Для феноменологии говорения смысл в качестве родового понятия важен, таким образом, как в плане своего неполного совпадения, а потому и возможности противопоставления «значению» (семантике), так и в плане своего непротивопоставления экспрессии, оценке, тональности, голосу и т. д., т. е. всему тому, что, как и прямые значения, может функционировать в речи безотносительно к субъективным коннотациям – в качестве «общезначимых» непрямых компонентов смысла порождаемой высказыванием подразумеваемой «ноэтической ситуации».

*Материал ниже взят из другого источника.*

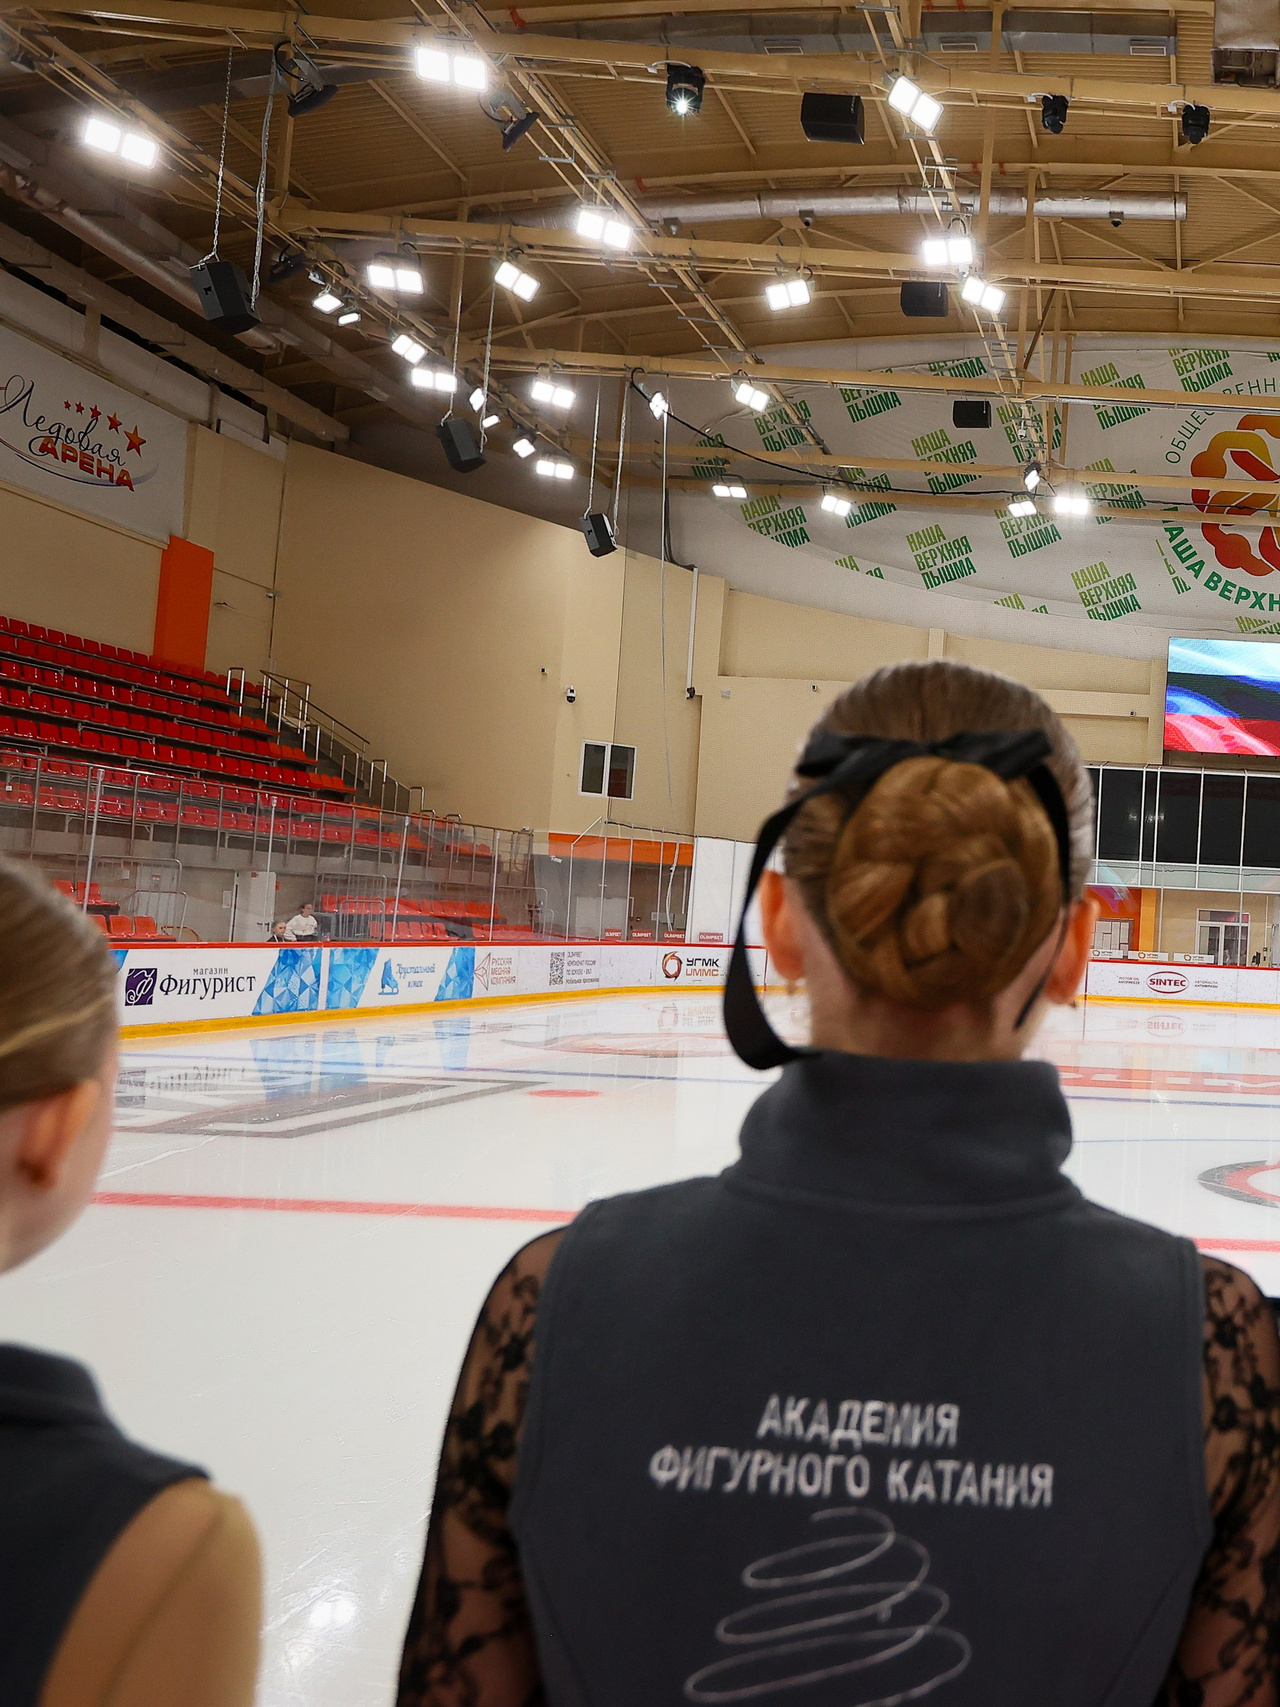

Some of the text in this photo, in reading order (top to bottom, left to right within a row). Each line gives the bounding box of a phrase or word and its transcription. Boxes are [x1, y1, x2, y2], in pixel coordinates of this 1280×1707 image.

[847, 391, 902, 423] ПЫШМА
[911, 429, 951, 457] НАША
[38, 436, 135, 492] АРЕНА
[740, 495, 781, 521] НАША
[905, 523, 946, 552] НАША
[1006, 523, 1062, 558] ПЫШМА
[914, 535, 973, 571] ВЕРХНЯЯ
[921, 556, 977, 590] ПЫШМА
[1071, 561, 1111, 590] НАША
[1079, 572, 1137, 608] ВЕРХНЯЯ
[193, 967, 228, 976] магазин
[685, 968, 719, 977] UMMC
[686, 957, 720, 967] УГМК
[159, 974, 256, 1000] Фигурист
[1149, 978, 1187, 987] SINTEC
[756, 1394, 960, 1451] АКАДЕМИЯ
[648, 1444, 1055, 1509] ФИГУРНОГО КАТАНИЯ

§ 37. Смысл и значение. Гуссерль и Деррида. Феноменологическое содержание предполагаемой родо-видовой развилки между смыслом и семантикой можно проиллюстрировать, как уже говорилось, по «Идеям 1». Номинация, т. е. акт семантической экспликации ноэмы, понималась Гуссерлем как вторичная и «непродуктивная» по отношению к конституированию смысловой предметности. Наделение смыслом направлено у Гуссерля от соответствующего акта к языковому значению (семантике) и далее – к чувственному знаку, а не наоборот, т. е. не от значения как якобы абсолютной формы смысла к смысловой предметности сознания. При толковании вектора направленности по второму варианту от смысла обычно отсекается все, что не есть семантика, а это в перспективе приводит к слиянию смысла как мысли и языка как семантики. У Гуссерля же языковая семантика понимается как безусловно способствующая смыслостановлению в качестве субстанциального сопровождения этого процесса, как идеальная фиксация его осуществленного результата, но не как само смыслостановление и сам смысл в их полной родовой сущности. Это положение – одна из главных причин тех разногласий в неофеноменологии, о которых мы уже говорили (см. § 16). Содержание ведущихся споров настолько разрослось тематически и утончилось нюансировками, что входить в его детали равнозначно вхождению в лабиринт без надежды на скорое возвращение. Мы будем продолжать вытягивать только одну интересующую нас здесь ниточку этих споров – проблему соотношения смысла и семантики, обострив ради отчетливости ее границы.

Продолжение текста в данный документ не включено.